▸ **HOW TO COMPLETE THIS TASK**: Before you reproduce the entries that follow, strip out any image they contain and keep the rest exact.
******************************
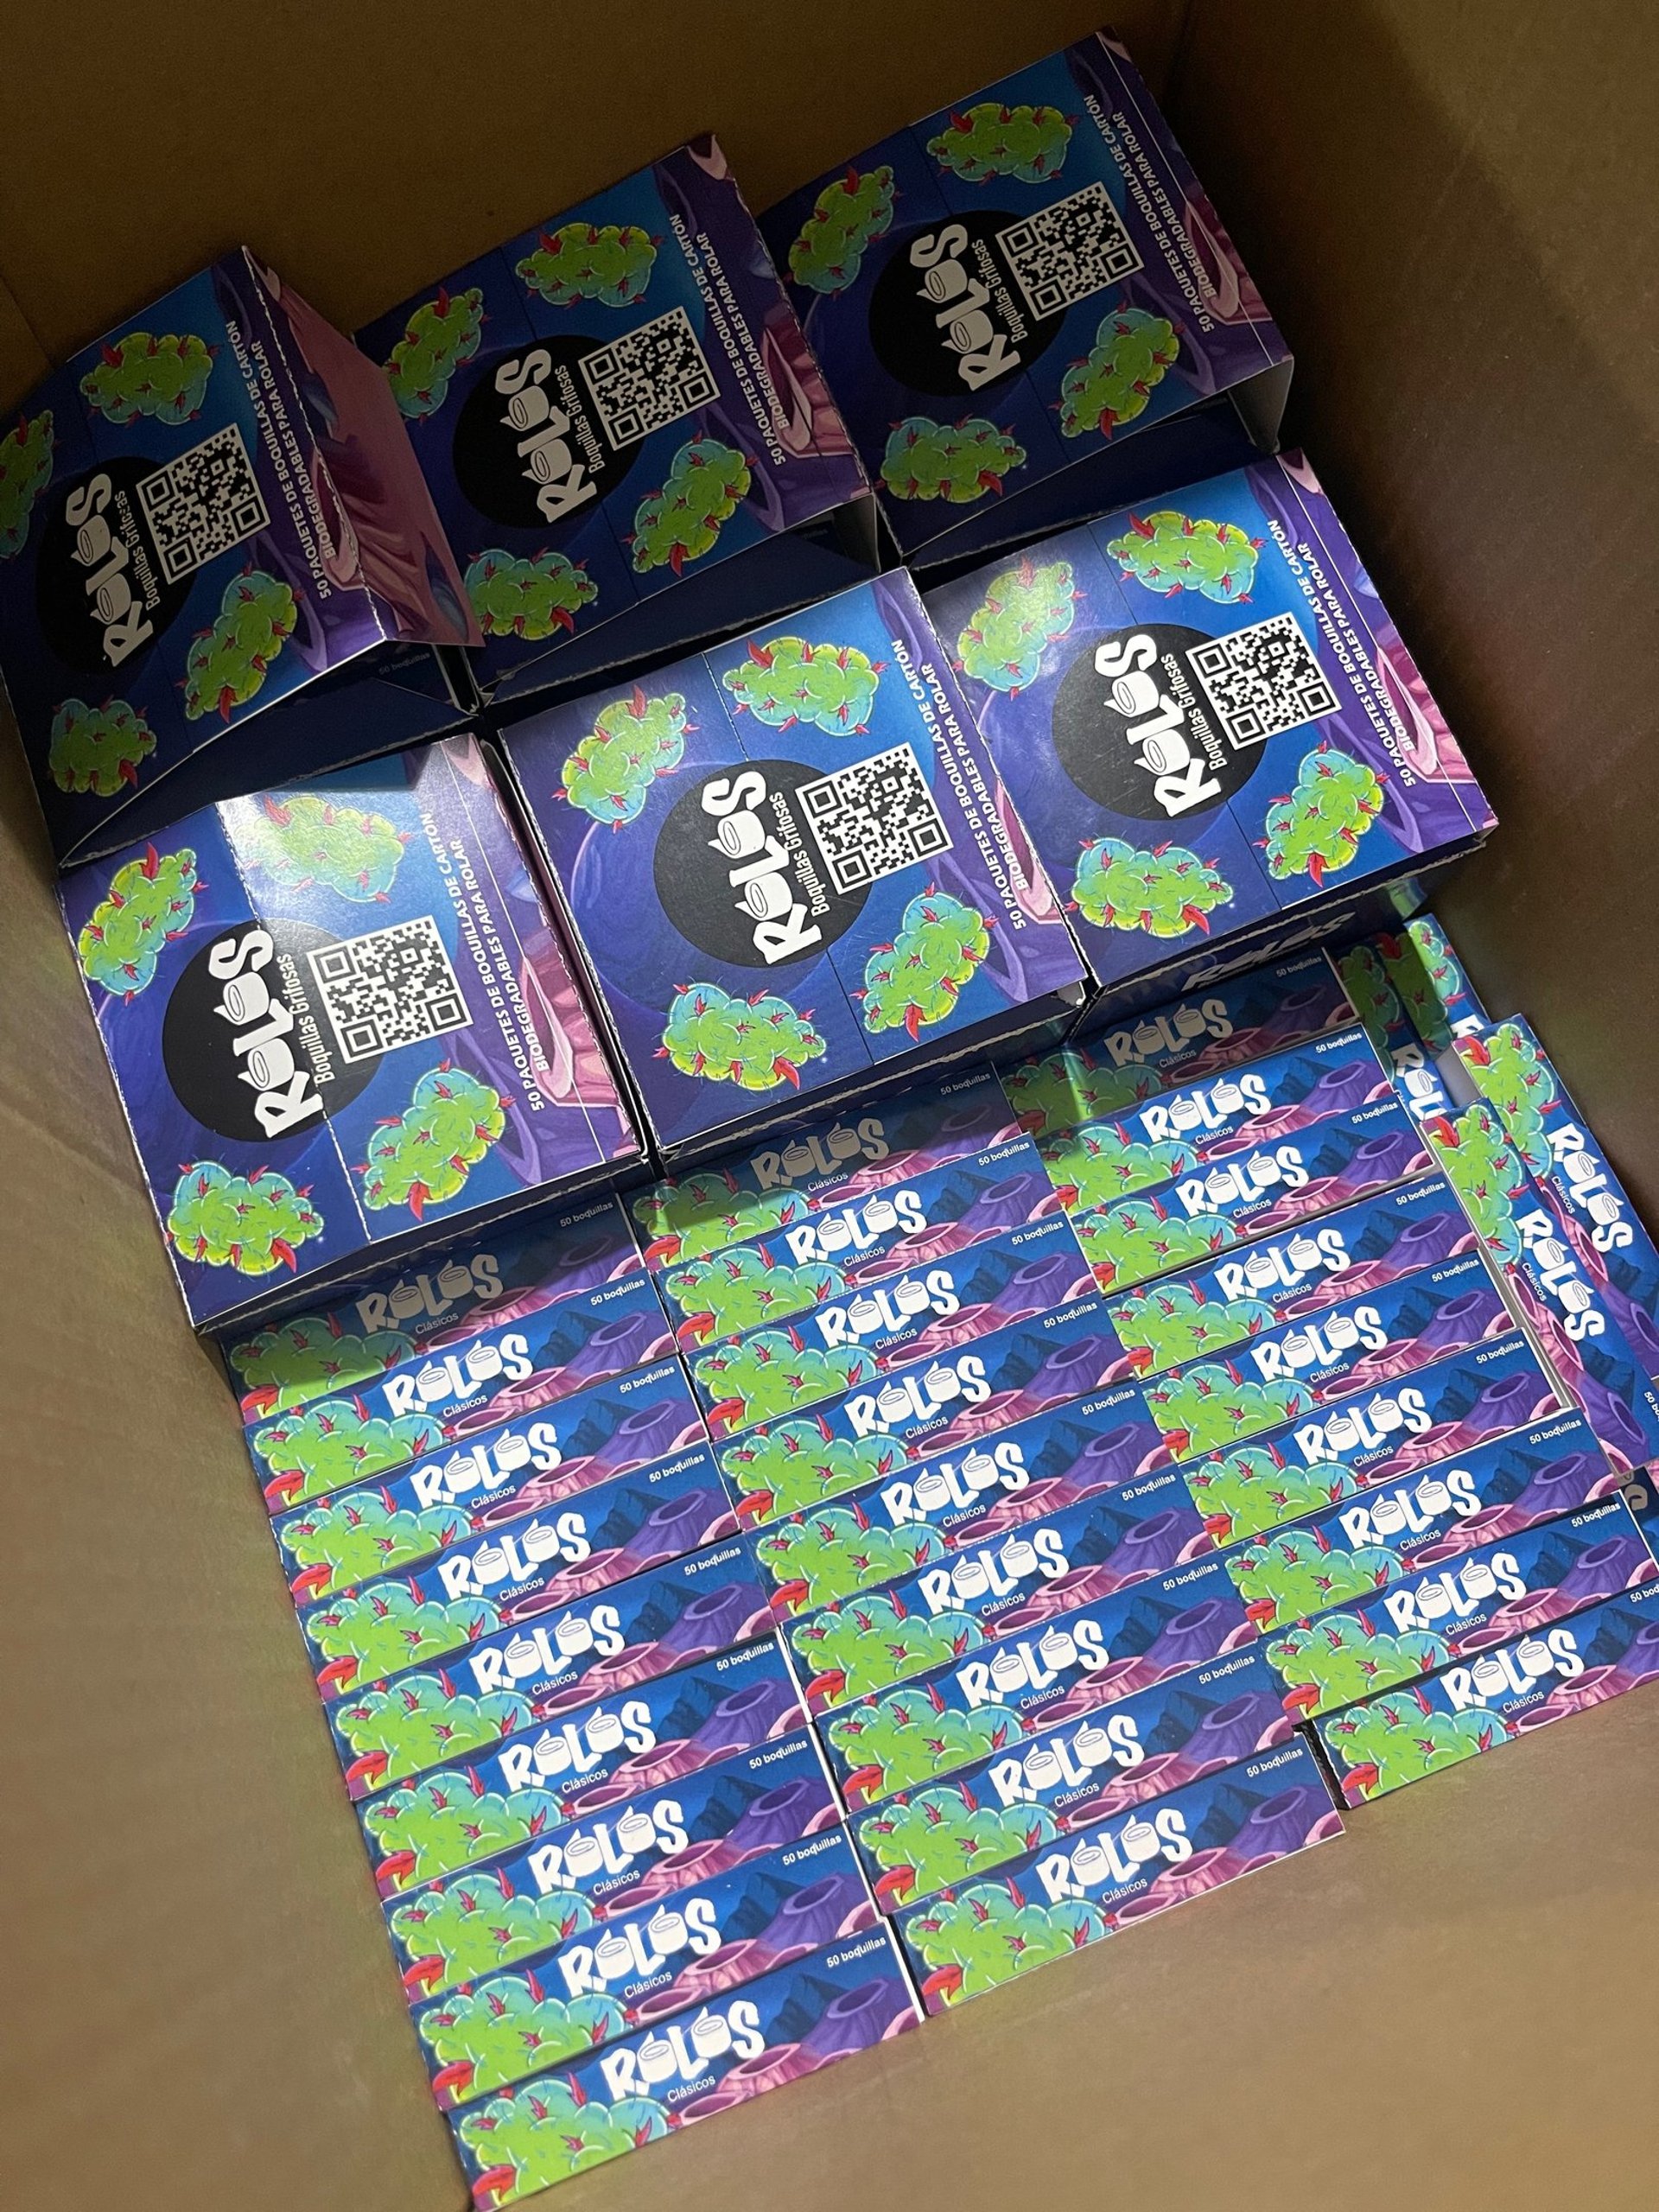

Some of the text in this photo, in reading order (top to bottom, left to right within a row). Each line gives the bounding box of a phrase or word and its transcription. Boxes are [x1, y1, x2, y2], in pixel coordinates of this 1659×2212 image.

[1109, 143, 1126, 162] DE
[1110, 109, 1217, 297] BIODEGRADABLES PARA ROLAR
[1118, 162, 1162, 232] BOQUILLAS
[1154, 230, 1172, 250] DE
[691, 266, 708, 286] DE
[969, 238, 1029, 343] Boquillas Grifosas
[1163, 248, 1205, 315] PAQUETES
[695, 230, 790, 429] BIODEGRADABLES PARA ROLAR
[699, 285, 740, 359] BOQUILLAS
[1197, 313, 1215, 333] 50
[245, 378, 261, 400] DE
[731, 358, 748, 378] DE
[252, 399, 289, 481] BOQUILLAS
[552, 363, 607, 474] Boquillas Grifosas
[739, 377, 778, 448] PAQUETES
[249, 337, 336, 559] BIODEGRADABLES PARA ROLAR
[769, 446, 786, 466] 50
[281, 480, 297, 503] DE
[289, 501, 324, 580] PAQUETES
[130, 543, 162, 609] Boquillas
[315, 577, 332, 601] 50
[1266, 518, 1416, 785] 50 PAQUETES DE BOQUILLAS DE CARTÓN
[1295, 540, 1414, 749] BIODEGRADABLES PARA ROLAR
[1092, 633, 1223, 817] ROLOS
[1159, 652, 1229, 771] Boquillas Grifosas
[890, 638, 1027, 930] 50 PAQUETES DE BOQUILLAS DE CARTÓN
[919, 662, 1029, 890] BIODEGRADABLES PARA ROLAR
[443, 875, 461, 897] DE
[701, 771, 822, 964] ROLOS
[767, 790, 831, 916] Boquillas Grifosas
[448, 837, 550, 1071] BIODEGRADABLES PARA ROLAR
[452, 899, 495, 984] BOQUILLAS
[275, 952, 337, 1085] Boquillas Grifosas
[486, 985, 505, 1007] DE
[208, 931, 325, 1138] ROLOS
[494, 1007, 537, 1090] PAQUETES
[1315, 1032, 1363, 1052] 50 boquillas
[526, 1090, 545, 1112] 50
[1140, 1074, 1271, 1144] ROLOS
[1390, 1043, 1447, 1122] ROL
[977, 1141, 1028, 1165] 50 boquillas
[1195, 1126, 1234, 1145] Clásicos
[1176, 1146, 1308, 1218] ROLOS
[1233, 1198, 1272, 1219] Clásicos
[1395, 1182, 1445, 1205] 50 boquillas
[1551, 1175, 1576, 1215] Clásicos
[785, 1190, 926, 1267] ROLOS
[843, 1245, 886, 1267] Clásicos
[589, 1279, 645, 1306] 50 boquillas
[1214, 1229, 1351, 1303] ROLOS
[1522, 1261, 1547, 1302] Clásicos
[816, 1270, 959, 1350] ROLOS
[874, 1328, 918, 1351] Clásicos
[1043, 1301, 1096, 1327] 50 boquillas
[1251, 1306, 1388, 1383] ROLOS
[383, 1334, 532, 1419] ROLOS
[1310, 1362, 1350, 1383] Clásicos
[1476, 1339, 1525, 1363] 50 boquillas
[442, 1395, 487, 1418] Clásicos
[844, 1355, 991, 1440] ROLOS
[1294, 1388, 1432, 1467] ROLOS
[410, 1422, 561, 1510] ROLOS
[471, 1484, 516, 1510] Clásicos
[648, 1455, 704, 1483] 50 boquillas
[880, 1442, 1029, 1529] ROLOS
[1122, 1474, 1176, 1501] 50 boquillas
[943, 1504, 987, 1528] Clásicos
[1339, 1470, 1481, 1551] ROLOS
[1400, 1529, 1441, 1552] Clásicos
[1571, 1503, 1621, 1527] 50 boquillas
[438, 1512, 590, 1603] ROLOS
[918, 1529, 1069, 1617] ROLOS
[1384, 1553, 1526, 1635] ROLOS
[1446, 1613, 1487, 1636] Clásicos
[469, 1605, 625, 1696] ROLOS
[531, 1670, 578, 1696] Clásicos
[715, 1642, 773, 1670] 50 boquillas
[957, 1619, 1109, 1711] ROLOS
[1198, 1655, 1255, 1684] 50 boquillas
[1440, 1629, 1584, 1713] ROLOS
[1020, 1685, 1065, 1710] Clásicos
[1503, 1691, 1545, 1714] Clásicos
[499, 1700, 656, 1795] ROLOS
[988, 1714, 1144, 1809] ROLOS
[1054, 1783, 1100, 1808] Clásicos
[528, 1800, 688, 1897] ROLOS
[593, 1870, 640, 1897] Clásicos
[782, 1834, 842, 1865] 50 boquillas
[1036, 1808, 1192, 1906] ROLOS
[1102, 1878, 1148, 1905] Clásicos
[558, 1898, 721, 2000] ROLOS
[826, 1936, 887, 1967] 50 boquillas
[624, 1971, 672, 1999] Clásicos
[601, 2001, 764, 2104] ROLOS
[667, 2075, 715, 2103] Clásicos
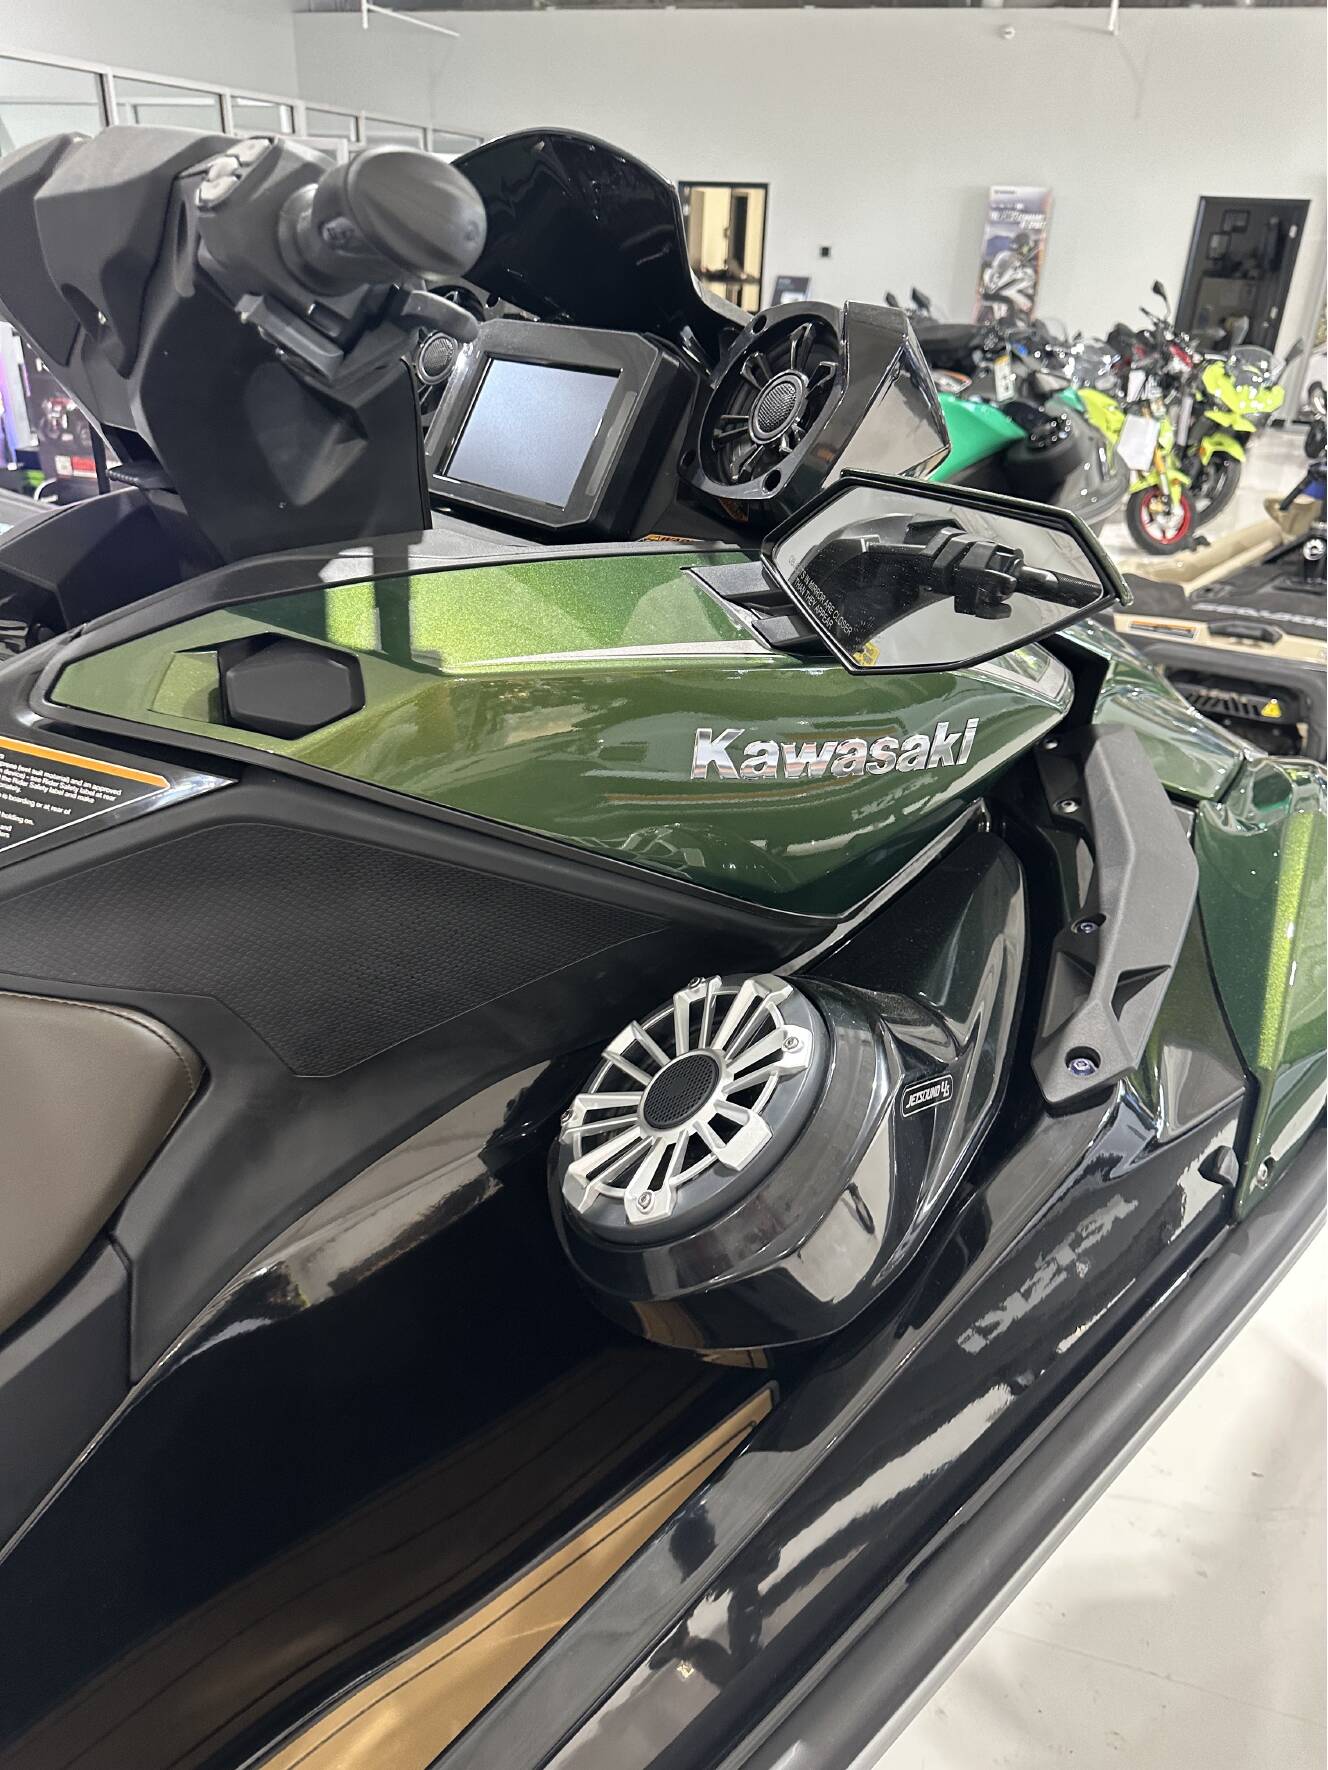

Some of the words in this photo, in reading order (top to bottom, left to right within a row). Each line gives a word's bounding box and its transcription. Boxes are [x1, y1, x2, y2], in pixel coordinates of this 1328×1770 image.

[794, 577, 806, 595] THAN
[805, 590, 817, 607] THEY
[814, 605, 834, 630] APPEAR
[808, 580, 826, 603] MIRROR
[823, 600, 835, 614] ARE
[832, 610, 853, 636] CLOSER
[690, 717, 979, 780] Kawasaki
[12, 777, 29, 787] Rider
[29, 781, 49, 793] Safety
[49, 787, 65, 796] label
[64, 791, 77, 799] and
[77, 795, 95, 804] make
[42, 778, 60, 787] Rider
[59, 782, 79, 794] Safety
[79, 787, 96, 797] label
[103, 794, 116, 802] rear
[70, 778, 83, 786] and
[92, 784, 122, 796] approved
[8, 793, 35, 808] boarding
[51, 805, 63, 813] rear
[1, 811, 24, 824] holding
[905, 1084, 941, 1109] JETSOUND
******************************
▸ **RESULT OF THIS EXERCISE**:
Some of the text in this photo, in reading order (top to bottom, left to right within a row). Each line gives the bounding box of a phrase or word and its transcription. Boxes are [x1, y1, x2, y2], in pixel coordinates of this 1659×2212 image.

[1109, 143, 1126, 162] DE
[1110, 109, 1217, 297] BIODEGRADABLES PARA ROLAR
[1118, 162, 1162, 232] BOQUILLAS
[1154, 230, 1172, 250] DE
[691, 266, 708, 286] DE
[969, 238, 1029, 343] Boquillas Grifosas
[1163, 248, 1205, 315] PAQUETES
[695, 230, 790, 429] BIODEGRADABLES PARA ROLAR
[699, 285, 740, 359] BOQUILLAS
[1197, 313, 1215, 333] 50
[245, 378, 261, 400] DE
[731, 358, 748, 378] DE
[252, 399, 289, 481] BOQUILLAS
[552, 363, 607, 474] Boquillas Grifosas
[739, 377, 778, 448] PAQUETES
[249, 337, 336, 559] BIODEGRADABLES PARA ROLAR
[769, 446, 786, 466] 50
[281, 480, 297, 503] DE
[289, 501, 324, 580] PAQUETES
[130, 543, 162, 609] Boquillas
[315, 577, 332, 601] 50
[1266, 518, 1416, 785] 50 PAQUETES DE BOQUILLAS DE CARTÓN
[1295, 540, 1414, 749] BIODEGRADABLES PARA ROLAR
[1092, 633, 1223, 817] ROLOS
[1159, 652, 1229, 771] Boquillas Grifosas
[890, 638, 1027, 930] 50 PAQUETES DE BOQUILLAS DE CARTÓN
[919, 662, 1029, 890] BIODEGRADABLES PARA ROLAR
[443, 875, 461, 897] DE
[701, 771, 822, 964] ROLOS
[767, 790, 831, 916] Boquillas Grifosas
[448, 837, 550, 1071] BIODEGRADABLES PARA ROLAR
[452, 899, 495, 984] BOQUILLAS
[275, 952, 337, 1085] Boquillas Grifosas
[486, 985, 505, 1007] DE
[208, 931, 325, 1138] ROLOS
[494, 1007, 537, 1090] PAQUETES
[1315, 1032, 1363, 1052] 50 boquillas
[526, 1090, 545, 1112] 50
[1140, 1074, 1271, 1144] ROLOS
[1390, 1043, 1447, 1122] ROL
[977, 1141, 1028, 1165] 50 boquillas
[1195, 1126, 1234, 1145] Clásicos
[1176, 1146, 1308, 1218] ROLOS
[1233, 1198, 1272, 1219] Clásicos
[1395, 1182, 1445, 1205] 50 boquillas
[1551, 1175, 1576, 1215] Clásicos
[785, 1190, 926, 1267] ROLOS
[843, 1245, 886, 1267] Clásicos
[589, 1279, 645, 1306] 50 boquillas
[1214, 1229, 1351, 1303] ROLOS
[1522, 1261, 1547, 1302] Clásicos
[816, 1270, 959, 1350] ROLOS
[874, 1328, 918, 1351] Clásicos
[1043, 1301, 1096, 1327] 50 boquillas
[1251, 1306, 1388, 1383] ROLOS
[383, 1334, 532, 1419] ROLOS
[1310, 1362, 1350, 1383] Clásicos
[1476, 1339, 1525, 1363] 50 boquillas
[442, 1395, 487, 1418] Clásicos
[844, 1355, 991, 1440] ROLOS
[1294, 1388, 1432, 1467] ROLOS
[410, 1422, 561, 1510] ROLOS
[471, 1484, 516, 1510] Clásicos
[648, 1455, 704, 1483] 50 boquillas
[880, 1442, 1029, 1529] ROLOS
[1122, 1474, 1176, 1501] 50 boquillas
[943, 1504, 987, 1528] Clásicos
[1339, 1470, 1481, 1551] ROLOS
[1400, 1529, 1441, 1552] Clásicos
[1571, 1503, 1621, 1527] 50 boquillas
[438, 1512, 590, 1603] ROLOS
[918, 1529, 1069, 1617] ROLOS
[1384, 1553, 1526, 1635] ROLOS
[1446, 1613, 1487, 1636] Clásicos
[469, 1605, 625, 1696] ROLOS
[531, 1670, 578, 1696] Clásicos
[715, 1642, 773, 1670] 50 boquillas
[957, 1619, 1109, 1711] ROLOS
[1198, 1655, 1255, 1684] 50 boquillas
[1440, 1629, 1584, 1713] ROLOS
[1020, 1685, 1065, 1710] Clásicos
[1503, 1691, 1545, 1714] Clásicos
[499, 1700, 656, 1795] ROLOS
[988, 1714, 1144, 1809] ROLOS
[1054, 1783, 1100, 1808] Clásicos
[528, 1800, 688, 1897] ROLOS
[593, 1870, 640, 1897] Clásicos
[782, 1834, 842, 1865] 50 boquillas
[1036, 1808, 1192, 1906] ROLOS
[1102, 1878, 1148, 1905] Clásicos
[558, 1898, 721, 2000] ROLOS
[826, 1936, 887, 1967] 50 boquillas
[624, 1971, 672, 1999] Clásicos
[601, 2001, 764, 2104] ROLOS
[667, 2075, 715, 2103] Clásicos

Some of the words in this photo, in reading order (top to bottom, left to right within a row). Each line gives a word's bounding box and its transcription. Boxes are [x1, y1, x2, y2], in pixel coordinates of this 1328×1770 image.

[794, 577, 806, 595] THAN
[805, 590, 817, 607] THEY
[814, 605, 834, 630] APPEAR
[808, 580, 826, 603] MIRROR
[823, 600, 835, 614] ARE
[832, 610, 853, 636] CLOSER
[690, 717, 979, 780] Kawasaki
[12, 777, 29, 787] Rider
[29, 781, 49, 793] Safety
[49, 787, 65, 796] label
[64, 791, 77, 799] and
[77, 795, 95, 804] make
[42, 778, 60, 787] Rider
[59, 782, 79, 794] Safety
[79, 787, 96, 797] label
[103, 794, 116, 802] rear
[70, 778, 83, 786] and
[92, 784, 122, 796] approved
[8, 793, 35, 808] boarding
[51, 805, 63, 813] rear
[1, 811, 24, 824] holding
[905, 1084, 941, 1109] JETSOUND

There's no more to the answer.